Her advisor identified the Backdoor Roth issue immediately. Priya had no pre-tax IRA balance currently — her Fidelity account was entirely Roth. Rolling the $128,000 traditional (pre-tax) Guideline 401(k) to a traditional Guideline IRA would create $128,000 of pre-tax IRA balance. Her new employer's 401(k) plan (an Empower-administered plan) accepted incoming rollovers from IRAs. The reverse rollover path — move the traditional 401(k) balance to the new Empower plan — was available and would have preserved her zero pre-tax IRA balance needed for a clean Backdoor Roth. But she chose a different path: her new employer also offered a Mega Backdoor Roth 401(k) within the Empower plan, and the Backdoor Roth IRA contribution ($7,500/year at 2026 limits) was already being made via the back-door method. The $128,000 rollover to a traditional IRA would apply the pro-rata rule: of each future $7,500 Backdoor Roth conversion, only the fraction above the total pre-tax IRA balance ([$7,500 nondeductible IRA contribution ÷ $135,500 total IRA balance]) would be tax-free — approximately 5.5% tax-free, leaving 94.5% taxable. Over 5 years of $7,500 Backdoor Roth contributions, this created approximately $35,500 in extra taxable income vs. the zero-IRA-balance alternative.

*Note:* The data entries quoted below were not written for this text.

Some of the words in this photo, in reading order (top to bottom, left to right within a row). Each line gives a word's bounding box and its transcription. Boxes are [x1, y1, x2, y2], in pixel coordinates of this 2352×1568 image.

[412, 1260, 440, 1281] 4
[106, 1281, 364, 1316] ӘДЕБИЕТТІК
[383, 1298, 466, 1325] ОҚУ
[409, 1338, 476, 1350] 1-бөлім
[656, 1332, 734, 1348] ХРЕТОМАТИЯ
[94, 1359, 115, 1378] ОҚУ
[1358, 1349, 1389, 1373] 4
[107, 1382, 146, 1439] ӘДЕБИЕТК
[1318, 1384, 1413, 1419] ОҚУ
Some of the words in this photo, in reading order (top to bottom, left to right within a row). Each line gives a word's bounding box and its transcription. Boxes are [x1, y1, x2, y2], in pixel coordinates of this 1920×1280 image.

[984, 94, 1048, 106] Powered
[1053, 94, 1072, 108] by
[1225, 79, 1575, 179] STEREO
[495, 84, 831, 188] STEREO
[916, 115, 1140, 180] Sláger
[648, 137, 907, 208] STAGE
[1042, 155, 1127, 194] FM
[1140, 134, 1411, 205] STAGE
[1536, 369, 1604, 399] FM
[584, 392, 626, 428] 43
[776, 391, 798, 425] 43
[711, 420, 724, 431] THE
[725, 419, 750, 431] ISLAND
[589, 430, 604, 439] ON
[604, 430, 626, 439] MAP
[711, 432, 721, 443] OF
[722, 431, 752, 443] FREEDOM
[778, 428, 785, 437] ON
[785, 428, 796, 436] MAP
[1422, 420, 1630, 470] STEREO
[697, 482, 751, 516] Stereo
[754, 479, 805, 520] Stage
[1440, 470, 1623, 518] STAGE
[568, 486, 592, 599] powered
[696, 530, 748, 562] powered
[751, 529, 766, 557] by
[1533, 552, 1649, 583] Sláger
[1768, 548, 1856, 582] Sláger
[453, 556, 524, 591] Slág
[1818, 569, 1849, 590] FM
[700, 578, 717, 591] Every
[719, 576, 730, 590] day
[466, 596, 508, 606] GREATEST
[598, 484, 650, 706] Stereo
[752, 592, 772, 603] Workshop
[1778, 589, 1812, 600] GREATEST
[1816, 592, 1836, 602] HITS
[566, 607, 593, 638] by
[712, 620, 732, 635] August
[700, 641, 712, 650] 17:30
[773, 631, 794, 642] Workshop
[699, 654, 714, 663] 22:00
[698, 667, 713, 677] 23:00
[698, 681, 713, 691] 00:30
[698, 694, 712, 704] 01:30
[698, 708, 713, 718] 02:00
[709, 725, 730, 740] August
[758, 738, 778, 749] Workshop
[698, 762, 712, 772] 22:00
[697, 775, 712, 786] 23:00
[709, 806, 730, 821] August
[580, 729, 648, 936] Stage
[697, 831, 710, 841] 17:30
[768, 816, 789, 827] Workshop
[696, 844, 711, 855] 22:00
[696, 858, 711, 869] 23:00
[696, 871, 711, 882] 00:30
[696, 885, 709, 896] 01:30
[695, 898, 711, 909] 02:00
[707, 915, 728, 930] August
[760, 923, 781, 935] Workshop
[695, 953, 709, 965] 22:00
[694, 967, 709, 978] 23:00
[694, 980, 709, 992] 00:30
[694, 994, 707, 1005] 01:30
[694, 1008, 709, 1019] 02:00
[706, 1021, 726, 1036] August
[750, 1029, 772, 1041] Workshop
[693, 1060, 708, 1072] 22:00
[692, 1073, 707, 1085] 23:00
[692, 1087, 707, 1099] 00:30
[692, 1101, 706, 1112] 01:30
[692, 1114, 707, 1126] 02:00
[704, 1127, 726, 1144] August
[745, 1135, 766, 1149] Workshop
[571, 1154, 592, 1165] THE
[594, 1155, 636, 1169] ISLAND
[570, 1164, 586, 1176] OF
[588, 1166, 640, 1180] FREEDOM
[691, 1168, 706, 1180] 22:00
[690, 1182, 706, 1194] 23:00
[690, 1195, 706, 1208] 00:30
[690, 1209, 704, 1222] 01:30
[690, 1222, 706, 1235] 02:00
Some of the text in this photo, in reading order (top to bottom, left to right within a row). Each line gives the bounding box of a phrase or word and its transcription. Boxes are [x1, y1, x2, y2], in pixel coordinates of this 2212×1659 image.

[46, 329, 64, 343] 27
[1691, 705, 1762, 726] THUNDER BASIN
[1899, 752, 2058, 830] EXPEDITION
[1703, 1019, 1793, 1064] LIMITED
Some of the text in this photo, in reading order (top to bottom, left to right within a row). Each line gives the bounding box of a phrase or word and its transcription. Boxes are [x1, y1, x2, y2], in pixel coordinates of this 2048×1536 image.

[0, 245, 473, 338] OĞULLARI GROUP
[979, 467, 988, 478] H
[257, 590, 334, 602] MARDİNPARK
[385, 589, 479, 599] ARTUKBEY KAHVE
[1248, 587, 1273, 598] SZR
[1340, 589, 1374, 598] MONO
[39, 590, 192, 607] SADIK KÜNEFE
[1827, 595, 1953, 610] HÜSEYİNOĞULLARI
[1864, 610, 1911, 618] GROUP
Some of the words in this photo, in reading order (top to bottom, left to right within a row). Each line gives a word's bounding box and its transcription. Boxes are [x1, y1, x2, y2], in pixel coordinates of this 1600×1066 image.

Priya instead did a reverse rollover: she confirmed Empower would accept the incoming rollover, then rolled the Guideline 401(k) directly to her new Empower 401(k), keeping her pre-tax IRA balance at zero and preserving the full Backdoor Roth tax-free conversion path. This decision was worth approximately $35,500 in avoided taxable income over five years — a meaningful outcome that a "frictionless" Guideline IRA rollover would have permanently foreclosed.

Lesson: before accepting the Guideline IRA default path, evaluate your Backdoor Roth situation. The Guideline IRA is a traditional IRA — rolling pre-tax 401(k) money into it creates pre-tax IRA balance subject to the pro-rata rule. If you have an active Backdoor Roth strategy, consider the reverse rollover to the new employer's 401(k) first. If the new plan does not accept incoming rollovers, evaluate the long-term pro-rata tax cost against the convenience of the Guideline IRA.

Scenario 2: Startup operations manager at 57 — Rule of 55 preserved with partial rollover

Marcus, 57, was laid off when his Series D startup missed a funding round and went through a 40% reduction in force. His Guideline 401(k) held $475,000 — fully vested under a Safe Harbor plan. He had no new job lined up and planned to take 2–3 years to consult part-time while drawing down from savings. His financial plan required approximately $60,000/year in withdrawals for living expenses before he qualified for Medicare at 65 and could elect Social Security at 70.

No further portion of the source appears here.